8. Sombras
Una ligera polvareda se elevó en el aire tras la partida del taxi por la calle de tierra. Gavriel plantó los pies frente a la finca familiar, la mano derecha en el bolsillo y la otra en el equipaje.
Contempló la entrada con una sensación de angustia y temor creciendo en el pecho. Se sintió como el exiliado que retorna a su patria después de mucho tiempo separado de sus raíces. Efecto extraño, dado que hace pocos meses visitó la casona. Era un estado que no podía definir con exactitud, pero le indicaba que algo importante estaba por ocurrir. Determinó que, si cruzaba la puerta, calamidades se desatarían tras él.

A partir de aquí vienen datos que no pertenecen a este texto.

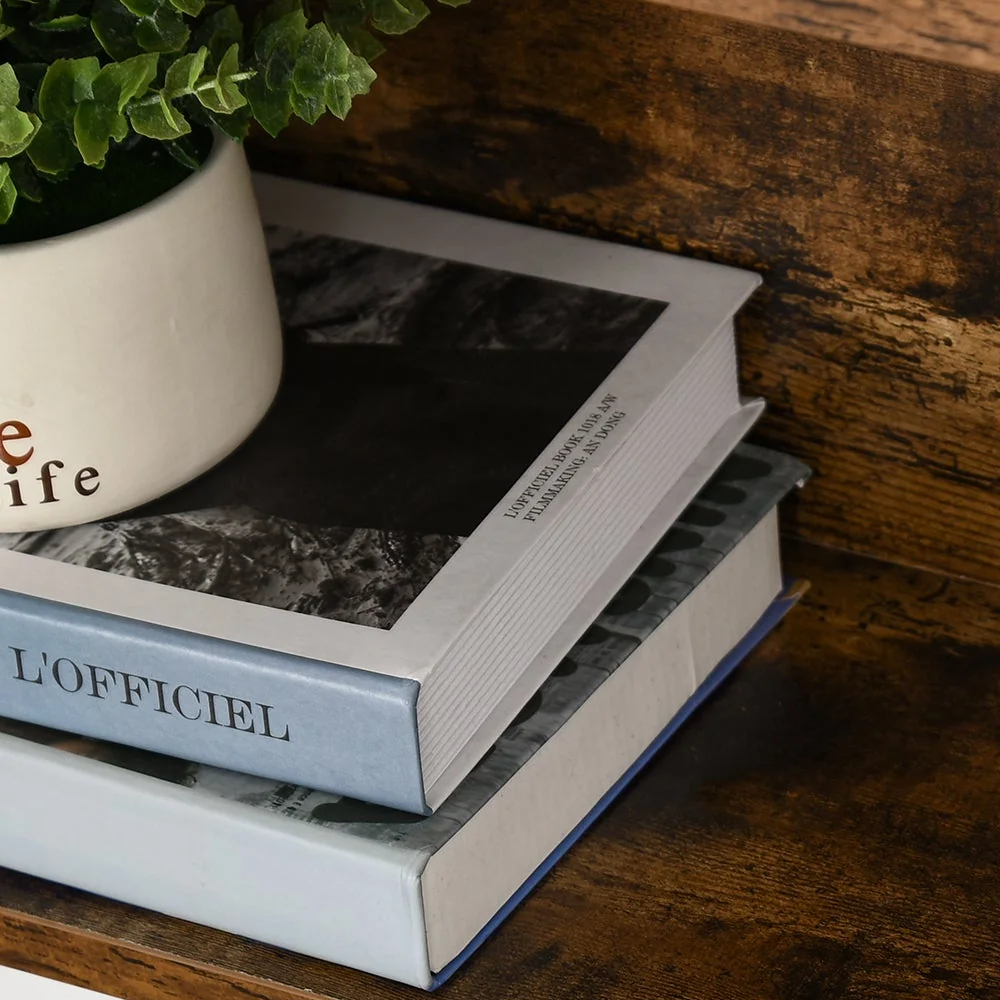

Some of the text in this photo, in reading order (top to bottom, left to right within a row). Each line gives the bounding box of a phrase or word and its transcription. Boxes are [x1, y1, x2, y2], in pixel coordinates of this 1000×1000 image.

[504, 463, 559, 519] L'OFFICIEL
[552, 434, 584, 463] BOOK
[523, 411, 627, 522] FILMMAKING: AN DONG
[8, 646, 291, 742] L'OFFICIEL
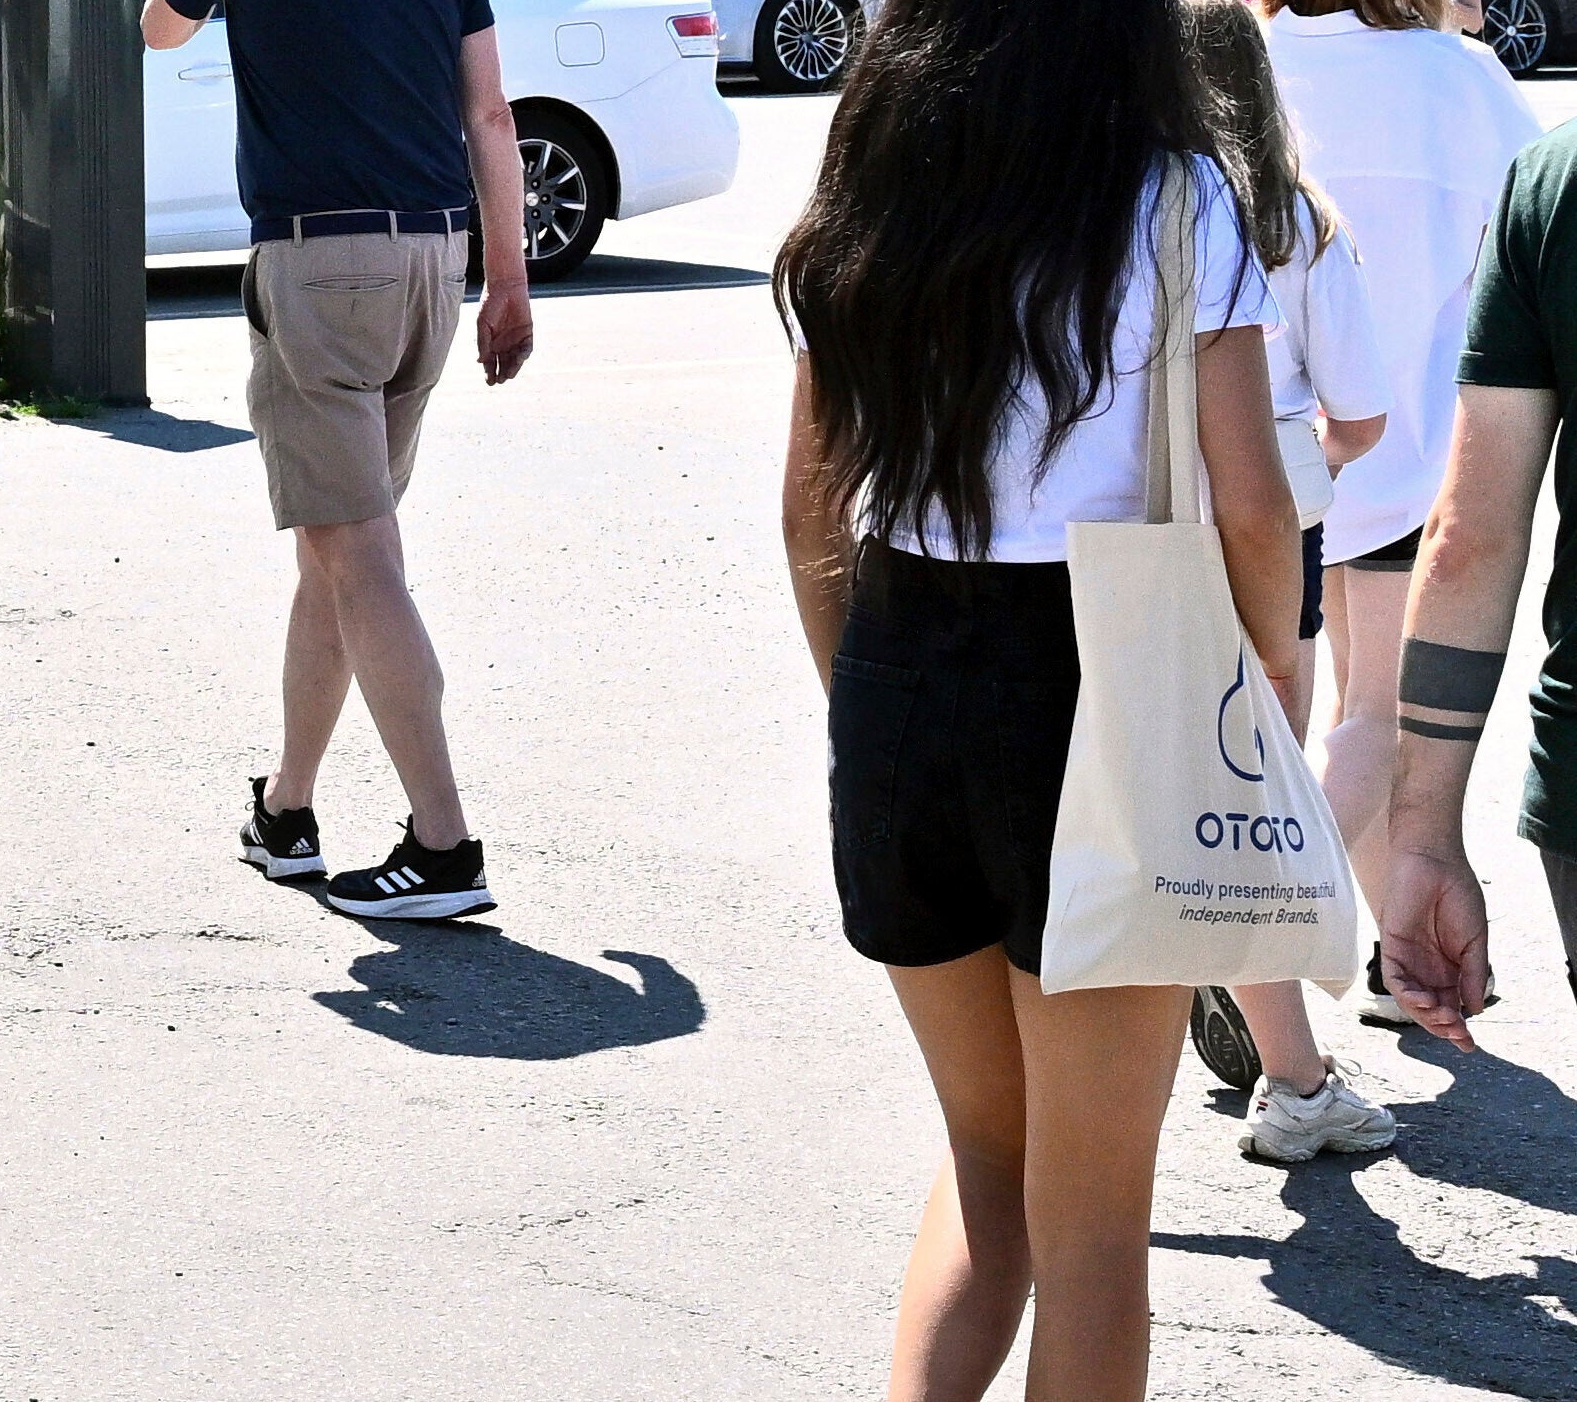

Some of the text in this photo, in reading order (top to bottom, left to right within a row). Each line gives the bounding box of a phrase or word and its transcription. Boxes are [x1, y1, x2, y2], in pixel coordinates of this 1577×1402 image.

[1195, 812, 1305, 853] OTOTO
[1155, 876, 1336, 903] Proudly presenting beatiful
[1179, 904, 1319, 925] independent Brands.

Varios minutos mirando el portón, concluyó que estar ahí fue una mala idea. Giró sobre los talones, pero antes de que pudiera dar el segundo paso, la voz de Gina se oyó entre el follaje:
—¡Gavriel, hermano!
No consiguió ubicar con precisión en qué parte del jardín estaba. Se acercó al sitio de donde provenía la voz femenina, en busca del paradero exacto; al levantar la vista, la vio trepada en uno de los árboles de mango de la huerta.
—¡Bájate de ahí! —gritó preocupado—. ¡Te vas a caer!
—No pasa nada —respondió, serena—. Soy una experta escalando árboles, ¿lo olvidaste? Ten. —Le lanzó un mango maduro—. Este año la cosecha será buena, fíjate en la calidad —dijo, refiriéndose a las frutas que colgaban de la inmensa y frondosa mata.
—¿Ya vas a bajar? —insistió, agarrando la fruta en el aire.
—No sé. Tal vez me quede a vivir aquí, hay ramas muy cómodas —comentó, divertida por la expresión agobiada de él—. No soy una niña, Gavriel, sé cuidarme —aseguró, descendiendo por el tronco—. Y ya que estás aquí, tú y yo tenemos cosas que hablar.
Gavriel bufó. La idea de que se quedara a vivir en esa planta de mango ya no le resultó desagradable. En cuanto la tuviera enfrente lo asediaría con preguntas. Odiaba los interrogatorios.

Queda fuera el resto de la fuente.